Él hablaba del
absentismo laboral como el síntoma moral de una sociedad que ya no sabe
comprometerse. De individuos (o una juventud) que ha perdido el sentido del
deber, del esfuerzo sostenido, y de la lealtad al trabajo.
Yo lo escuchaba y
en su diagnóstico, veía una lógica pulcra, jurídica, y ordenada. Demasiado
ordenada, pensaba.
Sé por experiencia
y años que nunca se debe generalizar, y si, que quizá mi mirada esté
inevitablemente condicionada por casi cuarenta años de vida laboral. Que vengo
de una forma de trabajar en la que te educaban (a veces sin palabras) en la
idea de que tu vida era el trabajo. De una cultura donde el compromiso no se
cuestionaba, se asumía. Donde se confundía dignidad con sacrificio y vocación
con renuncia. He vivido ese mundo y he sido parte de él, con sus luces, pero
también con sus trampas. Tal vez por eso me cuesta tanto aceptar estos
diagnósticos tan simples sobre un problema tan complejo.
Entonces pensé que
quizá estábamos mirando el mismo fenómeno pero desde extremos opuestos.
Para él, el
compromiso de los trabajadores se ha evaporado. Para mí, se ha ido secando
lentamente, como se seca una planta que se deja de regar. Porque el compromiso
no nace del aire, ni de discursos motivacionales, ni de cláusulas
contractuales. Nace de ese viejo y sobrentendido pacto de: te doy mi tiempo, mi
energía y una parte de mi vida, y a cambio recibo algo más que un salario que
apenas alcanza, o algo más que un “gracias” automático en un correo genérico.
Hablamos de
ausencias, pero no de las presencias vacías. De cuerpos que fichan pero no
están. De miradas apagadas frente a pantallas brillantes. De ambientes
laborales cada vez más fríos, más medidos y asépticos, donde todo se cuantifica
excepto lo humano. Donde se penaliza el error, se oculta la fragilidad y la
lealtad es unilateral.
Él veía (creo) una
crisis de valores.
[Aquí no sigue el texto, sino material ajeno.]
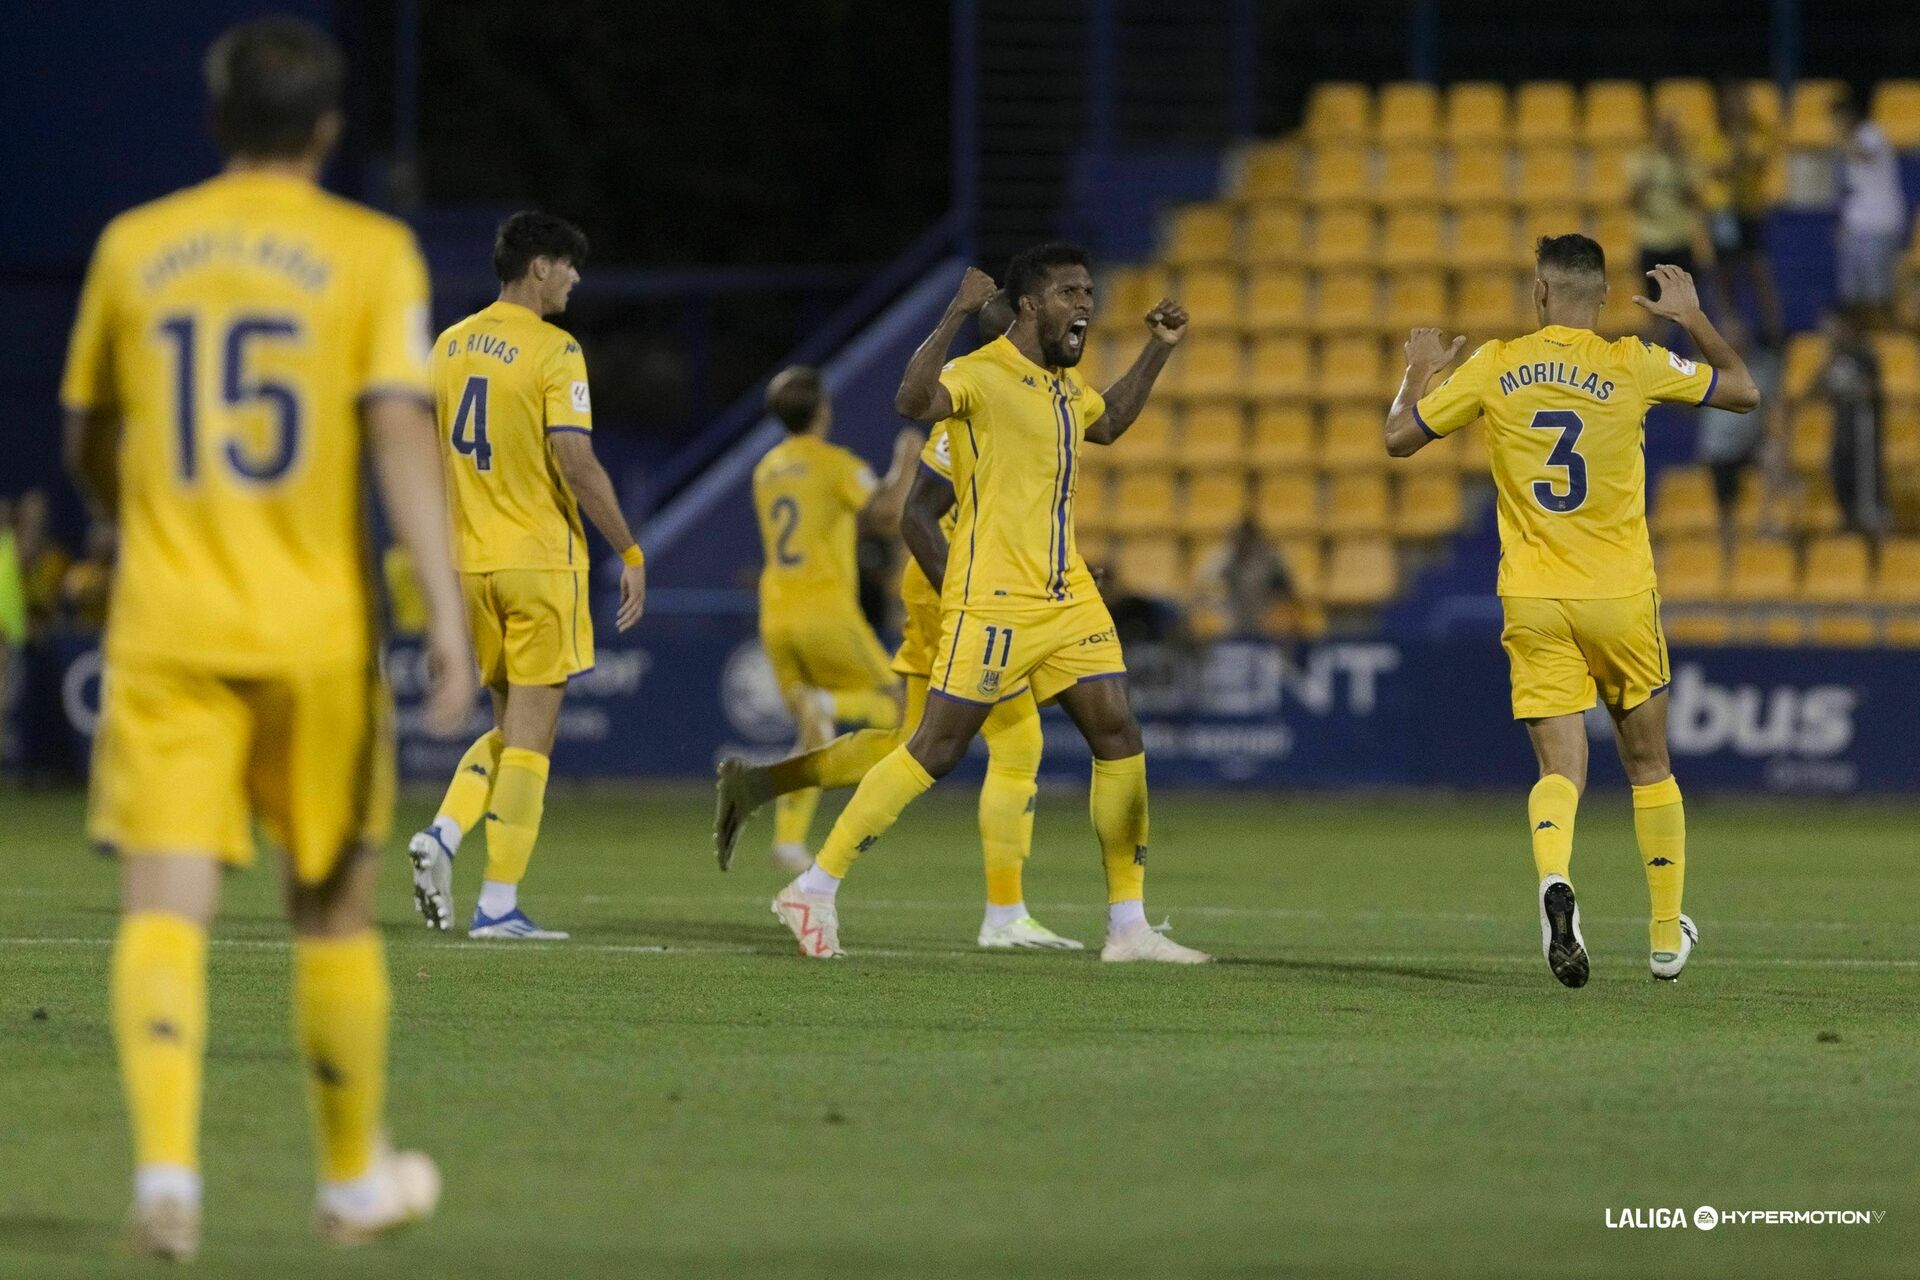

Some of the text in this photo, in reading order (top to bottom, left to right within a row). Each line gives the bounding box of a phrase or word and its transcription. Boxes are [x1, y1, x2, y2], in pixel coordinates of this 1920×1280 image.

[467, 333, 519, 365] RIVAS
[1499, 361, 1615, 401] MORILLAS
[160, 316, 301, 482] 15
[452, 376, 492, 471] 4
[1530, 410, 1588, 513] 3
[769, 494, 805, 568] 2
[982, 626, 1013, 667] 11
[1585, 662, 1858, 758] bus
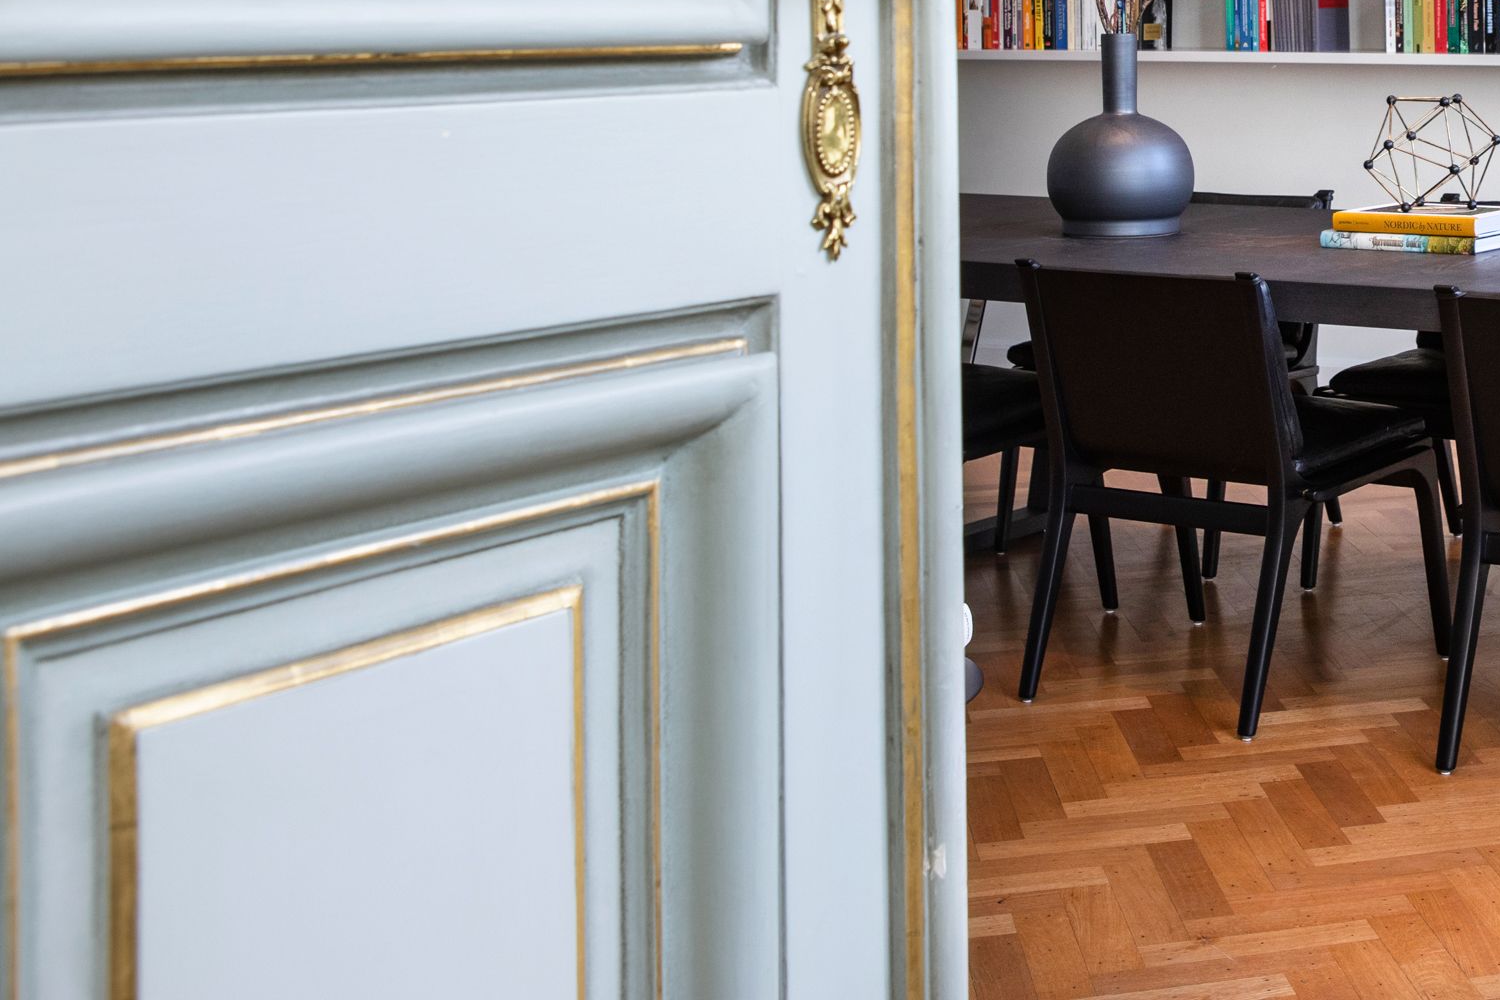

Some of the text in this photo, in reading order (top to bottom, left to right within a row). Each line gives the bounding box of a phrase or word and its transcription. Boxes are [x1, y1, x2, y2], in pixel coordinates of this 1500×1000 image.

[1384, 220, 1462, 232] NORDIC by NATURE
Yo veo una economía emocional en números rojos.
Porque… ¿Cómo pedir
compromiso cuando el trabajo se vive como una precaria transacción, cuando el
salario no dignifica o el futuro es una promesa indefinidamente aplazada? ¿Cómo
exigir pertenencia a espacios que ya no quieren pertenecer a nadie, porque
tratan a las personas como recursos intercambiables y no como historias humanas
en movimiento?
Y aun así (o quizá precisamente por eso) yo sigo siendo
de los que creen que esto podría darse la vuelta. Que del mismo modo que hay
inversiones que presumen de pensar a largo plazo, también puede apostarse de
verdad por el personal humano. Invertir en tiempo, en confianza, en condiciones
dignas. Volver a regar esa planta seca. Estoy convencido de que, si se hiciera,
los resultados llegarían. No de forma inmediata ni espectacular, pero sí sólida
y sostenida. Llamarme iluso, idealista o romántico, pero creo que cuidar lo
humano sigue siendo la inversión más rentable de cualquier negocio. Quizá el absentismo no sea una huida del
trabajo, sino una huida de la deshumanización del trabajo. Quizá no sea pereza,
sino una forma (muy torpe) de resistencia. Un cuerpo que no va porque su alma
ya hace tiempo que se fue. Salí de aquella conversación con la sensación de que
ambos teníamos razón, pero no desde el mismo plano. Él defendía el edificio. Yo
miraba las grietas en los cimientos. Y mientras no se hable de salarios que
permitan vivir, de ambientes que permitan respirar y de trabajos que no exijan
dejar la piel a cambio de nada, seguiremos confundiendo la causa con el efecto.